Tuesday, 4 December 2007

Squeaky Clean

Several people seem to have enjoyed reading about Sam's exploits so here are some extracts from my 2004 journal when Sam was 9.

There was a funny little episode last week with Sam. A couple of days before he went to his first sleepover he said he absolutely had to have some deodorant – Sure for Men Sensitive to be exact. I got him some deodorant, but then he asked for FCUK pre shave face wash. I pointed out that he doesn't shave but he said "it says pre shave, and I will shave one day so it is ideal for me". He went to the sleepover with his grown up toiletries and his new leather jacket looking really cool. A couple of days after he got back I asked him if his mates had been impressed by his grown up stuff. He gave me a long stare, then in a very serious voice he said "you spoiled the effect mum, you packed my Buzz Lightyear pyjamas!"

On Tuesday Sam came home from school and told me they had had the `men's talk' at school. I asked what it was about and he shrugged and said "sweat mainly". I was a little surprised, but at that point I didn't realise the full implications. Sam announced later that from now on he had to shower daily; I tried to point out that his bed time bath was just as good, but I don't have the same authority as his teacher. His teacher said shower, so shower it must be, he said morning so our entire morning routine was thrown into chaos. Worse of all he apparently told them to get up early, so Sam who takes everything literally, set his alarm for 5am. When his alarm went off he was too sleepy to get up so he put the clock on snooze and we were serenaded every five minutes until quarter to seven! He then monopolised the bathroom causing his sisters to become frantic. When he eventually emerged he had used so much deodorant that the rest of us required breathing apparatus to use the bathroom! I can't cope with many mornings like this morning.
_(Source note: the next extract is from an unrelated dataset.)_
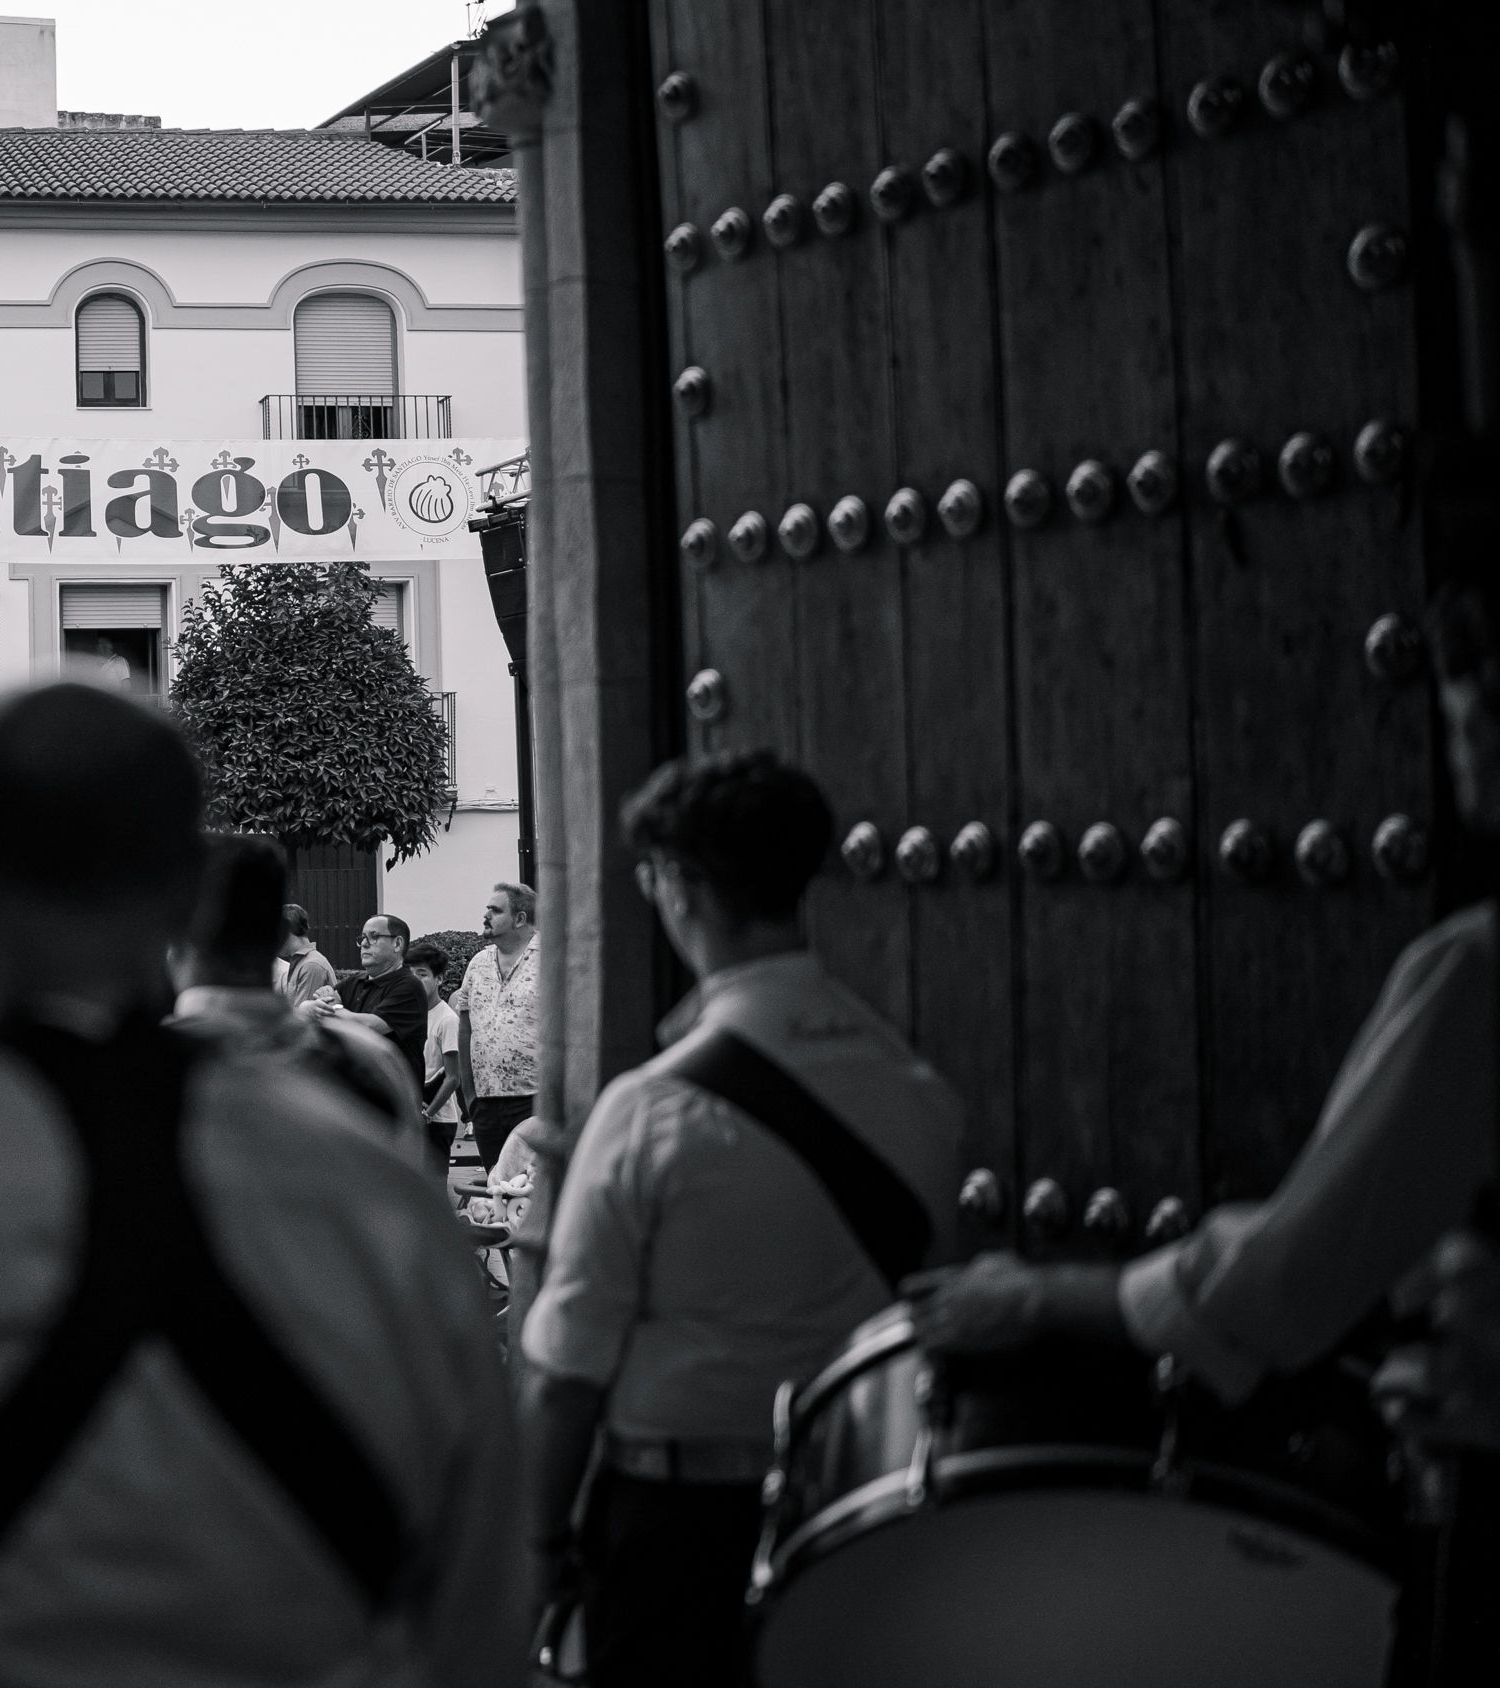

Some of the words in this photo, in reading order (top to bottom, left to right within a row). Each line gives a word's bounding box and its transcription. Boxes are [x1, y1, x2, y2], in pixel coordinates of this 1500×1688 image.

After two disastrous days with the new `super clean' Sam we were all exhausted. I was finding it impossible to control his excessive use of deodorant and it was clearly numbing his sense of smell. The last straw came on Thursday morning when having already rendered thebathroom out of bounds by excessive use of deodorant spray; he decided that his teacher may not notice it. I think the fact that having Sam near you literally took your breath away would have been sufficient proof, but Sam had to go one step further. When he was fully dressed he went back for one more spray of deodorant, the inevitable happened and his blue school sweatshirt suddenly had white patches. This led to a last minute mad rush to change his top and he ended up forgetting his homework. That afternoon when I collected Sam from school I asked his teacher to have a word with him, that did the trick and now we are back to bed time baths or showers. He now has a very expensive `Boss' deodorant stick and has been told that it is very special so he has to make it last. It is working OK so far, but Emily has pointed out an alarming rise in Sam's consumption of mouthwash, so there may still be some issues to resolve!

What a day? Just when we had the shower situation under control, Sam had another PHSE lesson – this time they talked about shaving! I am well aware that there is a bit of a family obsession about shaving so I got his teacher to tell me what had been said to make absolutely sure that Sam didn't go away with any crazy ideas. They had talked about how and why aftershave should be used and when they may need to start shaving. All seemed to be well until Sam went upstairs to get ready to go to his school disco. He had got an electric razor out and for reasons best known to him he had shaved off part of his left eyebrow. This has left him with a rather quizzical look. What was even more noticeable was the overwhelming smell of Boss aftershave; I think he must have bathed in it. I could hardly breathe when I gave him a lift to the disco I don't know how they coped with him all evening!

Sam has returned to his former routine of having a bath in the evening, but all is not well. Yesterday the girls reported that he had left the bathroom in a terrible state, so I went up to investigate. I found a company of action men in various stages of undress sitting around the edge of the bath guarding some black objects still in the bath. On closer inspection I found that these were Playmobil people wrapped in black electrical tape with little gaps for their eyes and mouths. I liberated the hostages and confined the action men to barracks in Sam's toy cupboard. I couldn't help thinking that Sam could probably keep a psychiatrist in work for years! When I asked him about it this morning Sam said that spies had to know all about torture, he then quoted a great chunk of dialogue from a James Bond film (Goldfinger apparently!). It was all too complicated for me so I asked why the Playmobil people deserved to be tortured. Quick as a flash Sam said "for being boring, mainly". What am I going to do with him!!!